__Problem__
Below is a listing to repeat exactly, with its pictures left out.

__Data for processing__

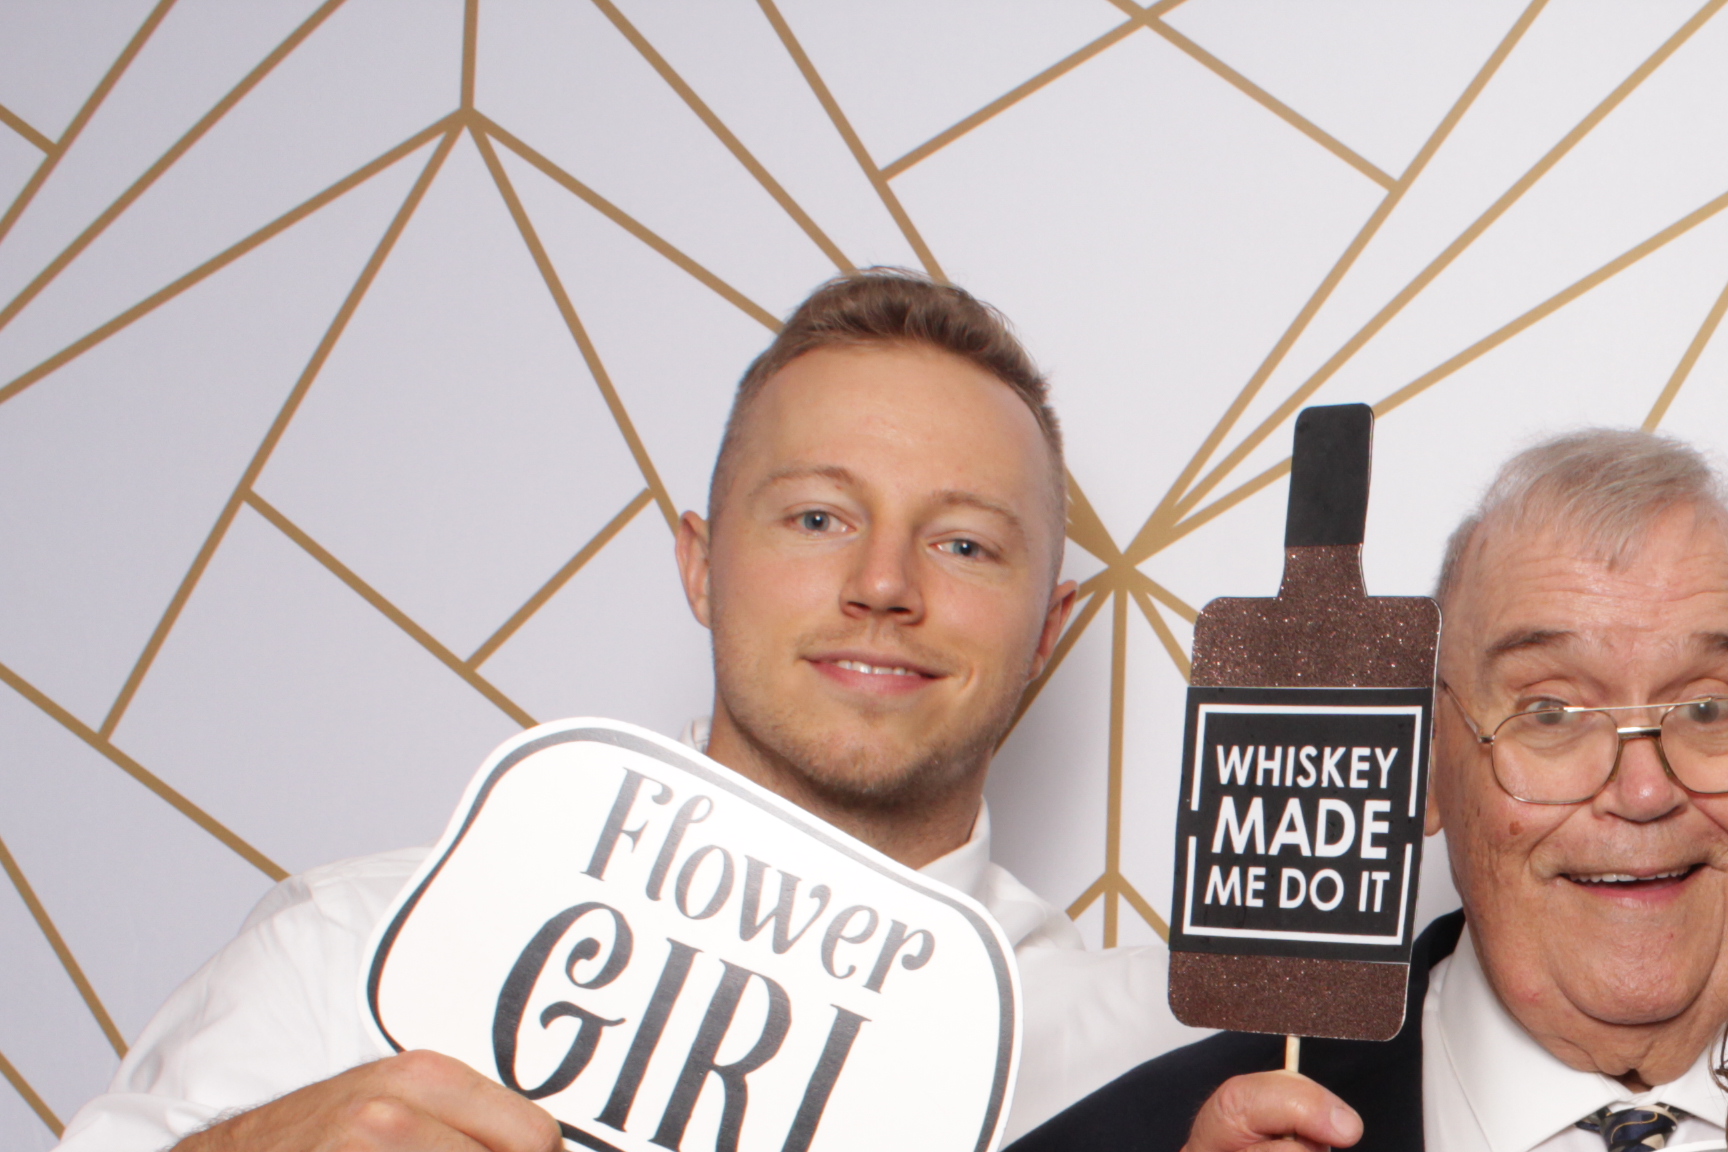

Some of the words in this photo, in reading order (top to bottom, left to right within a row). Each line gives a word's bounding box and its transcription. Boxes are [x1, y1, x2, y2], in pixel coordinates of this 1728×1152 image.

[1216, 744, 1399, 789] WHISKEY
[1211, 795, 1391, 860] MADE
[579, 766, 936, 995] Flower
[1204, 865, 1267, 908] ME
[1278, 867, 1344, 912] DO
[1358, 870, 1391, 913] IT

__Exercise output__
Some of the words in this photo, in reading order (top to bottom, left to right within a row). Each line gives a word's bounding box and its transcription. Boxes are [x1, y1, x2, y2], in pixel coordinates of this 1728×1152 image.

[1216, 744, 1399, 789] WHISKEY
[1211, 795, 1391, 860] MADE
[579, 766, 936, 995] Flower
[1204, 865, 1267, 908] ME
[1278, 867, 1344, 912] DO
[1358, 870, 1391, 913] IT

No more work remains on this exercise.